Content starts

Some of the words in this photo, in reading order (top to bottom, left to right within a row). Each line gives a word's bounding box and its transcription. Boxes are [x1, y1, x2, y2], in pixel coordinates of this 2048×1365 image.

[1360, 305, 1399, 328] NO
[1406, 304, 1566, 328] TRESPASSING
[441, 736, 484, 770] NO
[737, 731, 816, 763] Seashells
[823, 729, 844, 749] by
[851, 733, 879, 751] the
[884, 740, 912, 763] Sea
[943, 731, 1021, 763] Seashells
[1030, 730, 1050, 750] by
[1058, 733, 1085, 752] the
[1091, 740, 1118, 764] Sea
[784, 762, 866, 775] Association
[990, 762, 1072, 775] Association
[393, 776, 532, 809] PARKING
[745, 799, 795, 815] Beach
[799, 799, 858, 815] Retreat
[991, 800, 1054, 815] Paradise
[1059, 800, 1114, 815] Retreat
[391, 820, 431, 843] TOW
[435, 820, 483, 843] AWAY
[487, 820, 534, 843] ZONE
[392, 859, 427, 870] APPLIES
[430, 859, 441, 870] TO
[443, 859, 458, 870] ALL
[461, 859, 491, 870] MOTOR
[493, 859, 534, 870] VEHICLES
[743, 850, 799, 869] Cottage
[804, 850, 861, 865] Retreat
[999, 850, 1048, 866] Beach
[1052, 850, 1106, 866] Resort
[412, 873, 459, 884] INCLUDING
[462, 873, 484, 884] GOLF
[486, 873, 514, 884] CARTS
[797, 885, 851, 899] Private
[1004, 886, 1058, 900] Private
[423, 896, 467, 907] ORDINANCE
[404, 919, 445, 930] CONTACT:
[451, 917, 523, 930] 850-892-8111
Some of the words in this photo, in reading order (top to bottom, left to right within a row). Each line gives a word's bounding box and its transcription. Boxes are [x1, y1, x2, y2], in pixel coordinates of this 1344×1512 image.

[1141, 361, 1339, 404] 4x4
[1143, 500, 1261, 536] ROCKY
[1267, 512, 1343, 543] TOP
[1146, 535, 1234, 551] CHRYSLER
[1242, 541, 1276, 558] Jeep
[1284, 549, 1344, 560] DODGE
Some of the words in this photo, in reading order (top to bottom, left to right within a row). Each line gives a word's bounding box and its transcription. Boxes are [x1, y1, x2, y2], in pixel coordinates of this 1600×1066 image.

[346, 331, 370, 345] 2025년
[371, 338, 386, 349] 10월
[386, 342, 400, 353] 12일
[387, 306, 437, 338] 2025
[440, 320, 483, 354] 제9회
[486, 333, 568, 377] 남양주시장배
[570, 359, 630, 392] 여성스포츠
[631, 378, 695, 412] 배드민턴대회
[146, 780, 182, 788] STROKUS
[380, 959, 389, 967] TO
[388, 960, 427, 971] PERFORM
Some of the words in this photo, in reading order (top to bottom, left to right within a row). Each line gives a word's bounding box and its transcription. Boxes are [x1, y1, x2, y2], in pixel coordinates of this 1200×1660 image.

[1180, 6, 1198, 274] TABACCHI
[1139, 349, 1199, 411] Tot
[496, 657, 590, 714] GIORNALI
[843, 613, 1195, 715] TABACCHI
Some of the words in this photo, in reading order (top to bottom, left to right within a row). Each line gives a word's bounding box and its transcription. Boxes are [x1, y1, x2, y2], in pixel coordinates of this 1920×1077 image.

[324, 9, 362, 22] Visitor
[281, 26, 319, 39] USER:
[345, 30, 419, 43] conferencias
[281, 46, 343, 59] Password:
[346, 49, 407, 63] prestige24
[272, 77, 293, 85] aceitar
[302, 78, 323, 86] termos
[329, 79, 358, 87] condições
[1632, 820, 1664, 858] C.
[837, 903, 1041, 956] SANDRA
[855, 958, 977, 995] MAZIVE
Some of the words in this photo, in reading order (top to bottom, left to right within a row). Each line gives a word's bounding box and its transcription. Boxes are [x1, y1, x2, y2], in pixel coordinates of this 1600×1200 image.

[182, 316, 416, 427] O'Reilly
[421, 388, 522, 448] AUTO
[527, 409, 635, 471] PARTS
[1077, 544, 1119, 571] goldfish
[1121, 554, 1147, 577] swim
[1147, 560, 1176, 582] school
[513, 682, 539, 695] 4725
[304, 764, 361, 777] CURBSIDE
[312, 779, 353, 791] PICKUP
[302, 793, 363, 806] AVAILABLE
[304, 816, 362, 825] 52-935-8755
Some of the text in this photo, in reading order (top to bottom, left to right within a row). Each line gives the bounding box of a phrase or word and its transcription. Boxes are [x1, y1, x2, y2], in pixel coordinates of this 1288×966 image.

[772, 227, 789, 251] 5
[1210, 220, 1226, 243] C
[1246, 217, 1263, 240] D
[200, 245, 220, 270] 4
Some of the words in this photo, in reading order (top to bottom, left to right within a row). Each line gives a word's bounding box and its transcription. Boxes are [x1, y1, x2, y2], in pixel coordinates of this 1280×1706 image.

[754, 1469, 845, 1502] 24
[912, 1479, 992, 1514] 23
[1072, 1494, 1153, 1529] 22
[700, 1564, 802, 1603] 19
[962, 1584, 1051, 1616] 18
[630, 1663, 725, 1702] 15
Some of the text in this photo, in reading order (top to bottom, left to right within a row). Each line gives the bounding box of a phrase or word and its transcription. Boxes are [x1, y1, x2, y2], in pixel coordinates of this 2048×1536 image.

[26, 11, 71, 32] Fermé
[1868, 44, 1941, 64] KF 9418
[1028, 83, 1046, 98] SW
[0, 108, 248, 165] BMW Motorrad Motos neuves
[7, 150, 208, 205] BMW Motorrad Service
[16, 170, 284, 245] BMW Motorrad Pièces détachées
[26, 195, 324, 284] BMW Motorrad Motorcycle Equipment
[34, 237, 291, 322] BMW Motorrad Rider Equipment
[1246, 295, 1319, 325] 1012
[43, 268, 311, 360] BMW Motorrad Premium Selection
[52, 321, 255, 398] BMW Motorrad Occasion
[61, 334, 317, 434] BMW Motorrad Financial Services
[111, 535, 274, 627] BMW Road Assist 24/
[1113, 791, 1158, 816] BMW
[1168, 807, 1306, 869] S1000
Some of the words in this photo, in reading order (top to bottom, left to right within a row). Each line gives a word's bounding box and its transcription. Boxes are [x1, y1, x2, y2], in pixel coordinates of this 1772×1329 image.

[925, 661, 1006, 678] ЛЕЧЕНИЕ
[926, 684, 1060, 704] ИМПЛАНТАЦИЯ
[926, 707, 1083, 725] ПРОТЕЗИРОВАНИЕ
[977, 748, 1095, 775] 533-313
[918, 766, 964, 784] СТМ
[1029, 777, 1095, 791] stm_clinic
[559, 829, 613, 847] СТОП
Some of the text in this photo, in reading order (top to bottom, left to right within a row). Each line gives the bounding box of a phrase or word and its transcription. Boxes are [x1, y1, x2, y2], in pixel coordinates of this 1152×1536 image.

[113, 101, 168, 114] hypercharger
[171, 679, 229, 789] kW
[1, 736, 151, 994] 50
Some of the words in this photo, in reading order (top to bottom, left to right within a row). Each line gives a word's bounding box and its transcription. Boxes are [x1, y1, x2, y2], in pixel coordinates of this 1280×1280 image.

Content ends

#### [Problem description]
All the records above need to be output exactly, with none omitted.

#### [Output of the exercise]
Some of the words in this photo, in reading order (top to bottom, left to right within a row). Each line gives a word's bounding box and its transcription. Boxes are [x1, y1, x2, y2], in pixel coordinates of this 2048×1365 image.

[1360, 305, 1399, 328] NO
[1406, 304, 1566, 328] TRESPASSING
[441, 736, 484, 770] NO
[737, 731, 816, 763] Seashells
[823, 729, 844, 749] by
[851, 733, 879, 751] the
[884, 740, 912, 763] Sea
[943, 731, 1021, 763] Seashells
[1030, 730, 1050, 750] by
[1058, 733, 1085, 752] the
[1091, 740, 1118, 764] Sea
[784, 762, 866, 775] Association
[990, 762, 1072, 775] Association
[393, 776, 532, 809] PARKING
[745, 799, 795, 815] Beach
[799, 799, 858, 815] Retreat
[991, 800, 1054, 815] Paradise
[1059, 800, 1114, 815] Retreat
[391, 820, 431, 843] TOW
[435, 820, 483, 843] AWAY
[487, 820, 534, 843] ZONE
[392, 859, 427, 870] APPLIES
[430, 859, 441, 870] TO
[443, 859, 458, 870] ALL
[461, 859, 491, 870] MOTOR
[493, 859, 534, 870] VEHICLES
[743, 850, 799, 869] Cottage
[804, 850, 861, 865] Retreat
[999, 850, 1048, 866] Beach
[1052, 850, 1106, 866] Resort
[412, 873, 459, 884] INCLUDING
[462, 873, 484, 884] GOLF
[486, 873, 514, 884] CARTS
[797, 885, 851, 899] Private
[1004, 886, 1058, 900] Private
[423, 896, 467, 907] ORDINANCE
[404, 919, 445, 930] CONTACT:
[451, 917, 523, 930] 850-892-8111
Some of the words in this photo, in reading order (top to bottom, left to right within a row). Each line gives a word's bounding box and its transcription. Boxes are [x1, y1, x2, y2], in pixel coordinates of this 1344×1512 image.

[1141, 361, 1339, 404] 4x4
[1143, 500, 1261, 536] ROCKY
[1267, 512, 1343, 543] TOP
[1146, 535, 1234, 551] CHRYSLER
[1242, 541, 1276, 558] Jeep
[1284, 549, 1344, 560] DODGE
Some of the words in this photo, in reading order (top to bottom, left to right within a row). Each line gives a word's bounding box and its transcription. Boxes are [x1, y1, x2, y2], in pixel coordinates of this 1600×1066 image.

[346, 331, 370, 345] 2025년
[371, 338, 386, 349] 10월
[386, 342, 400, 353] 12일
[387, 306, 437, 338] 2025
[440, 320, 483, 354] 제9회
[486, 333, 568, 377] 남양주시장배
[570, 359, 630, 392] 여성스포츠
[631, 378, 695, 412] 배드민턴대회
[146, 780, 182, 788] STROKUS
[380, 959, 389, 967] TO
[388, 960, 427, 971] PERFORM
Some of the words in this photo, in reading order (top to bottom, left to right within a row). Each line gives a word's bounding box and its transcription. Boxes are [x1, y1, x2, y2], in pixel coordinates of this 1200×1660 image.

[1180, 6, 1198, 274] TABACCHI
[1139, 349, 1199, 411] Tot
[496, 657, 590, 714] GIORNALI
[843, 613, 1195, 715] TABACCHI
Some of the words in this photo, in reading order (top to bottom, left to right within a row). Each line gives a word's bounding box and its transcription. Boxes are [x1, y1, x2, y2], in pixel coordinates of this 1920×1077 image.

[324, 9, 362, 22] Visitor
[281, 26, 319, 39] USER:
[345, 30, 419, 43] conferencias
[281, 46, 343, 59] Password:
[346, 49, 407, 63] prestige24
[272, 77, 293, 85] aceitar
[302, 78, 323, 86] termos
[329, 79, 358, 87] condições
[1632, 820, 1664, 858] C.
[837, 903, 1041, 956] SANDRA
[855, 958, 977, 995] MAZIVE
Some of the words in this photo, in reading order (top to bottom, left to right within a row). Each line gives a word's bounding box and its transcription. Boxes are [x1, y1, x2, y2], in pixel coordinates of this 1600×1200 image.

[182, 316, 416, 427] O'Reilly
[421, 388, 522, 448] AUTO
[527, 409, 635, 471] PARTS
[1077, 544, 1119, 571] goldfish
[1121, 554, 1147, 577] swim
[1147, 560, 1176, 582] school
[513, 682, 539, 695] 4725
[304, 764, 361, 777] CURBSIDE
[312, 779, 353, 791] PICKUP
[302, 793, 363, 806] AVAILABLE
[304, 816, 362, 825] 52-935-8755
Some of the text in this photo, in reading order (top to bottom, left to right within a row). Each line gives the bounding box of a phrase or word and its transcription. Boxes are [x1, y1, x2, y2], in pixel coordinates of this 1288×966 image.

[772, 227, 789, 251] 5
[1210, 220, 1226, 243] C
[1246, 217, 1263, 240] D
[200, 245, 220, 270] 4
Some of the words in this photo, in reading order (top to bottom, left to right within a row). Each line gives a word's bounding box and its transcription. Boxes are [x1, y1, x2, y2], in pixel coordinates of this 1280×1706 image.

[754, 1469, 845, 1502] 24
[912, 1479, 992, 1514] 23
[1072, 1494, 1153, 1529] 22
[700, 1564, 802, 1603] 19
[962, 1584, 1051, 1616] 18
[630, 1663, 725, 1702] 15
Some of the text in this photo, in reading order (top to bottom, left to right within a row). Each line gives the bounding box of a phrase or word and its transcription. Boxes are [x1, y1, x2, y2], in pixel coordinates of this 2048×1536 image.

[26, 11, 71, 32] Fermé
[1868, 44, 1941, 64] KF 9418
[1028, 83, 1046, 98] SW
[0, 108, 248, 165] BMW Motorrad Motos neuves
[7, 150, 208, 205] BMW Motorrad Service
[16, 170, 284, 245] BMW Motorrad Pièces détachées
[26, 195, 324, 284] BMW Motorrad Motorcycle Equipment
[34, 237, 291, 322] BMW Motorrad Rider Equipment
[1246, 295, 1319, 325] 1012
[43, 268, 311, 360] BMW Motorrad Premium Selection
[52, 321, 255, 398] BMW Motorrad Occasion
[61, 334, 317, 434] BMW Motorrad Financial Services
[111, 535, 274, 627] BMW Road Assist 24/
[1113, 791, 1158, 816] BMW
[1168, 807, 1306, 869] S1000
Some of the words in this photo, in reading order (top to bottom, left to right within a row). Each line gives a word's bounding box and its transcription. Boxes are [x1, y1, x2, y2], in pixel coordinates of this 1772×1329 image.

[925, 661, 1006, 678] ЛЕЧЕНИЕ
[926, 684, 1060, 704] ИМПЛАНТАЦИЯ
[926, 707, 1083, 725] ПРОТЕЗИРОВАНИЕ
[977, 748, 1095, 775] 533-313
[918, 766, 964, 784] СТМ
[1029, 777, 1095, 791] stm_clinic
[559, 829, 613, 847] СТОП
Some of the text in this photo, in reading order (top to bottom, left to right within a row). Each line gives the bounding box of a phrase or word and its transcription. Boxes are [x1, y1, x2, y2], in pixel coordinates of this 1152×1536 image.

[113, 101, 168, 114] hypercharger
[171, 679, 229, 789] kW
[1, 736, 151, 994] 50
Some of the words in this photo, in reading order (top to bottom, left to right within a row). Each line gives a word's bounding box and its transcription. Boxes are [x1, y1, x2, y2], in pixel coordinates of this 1280×1280 image.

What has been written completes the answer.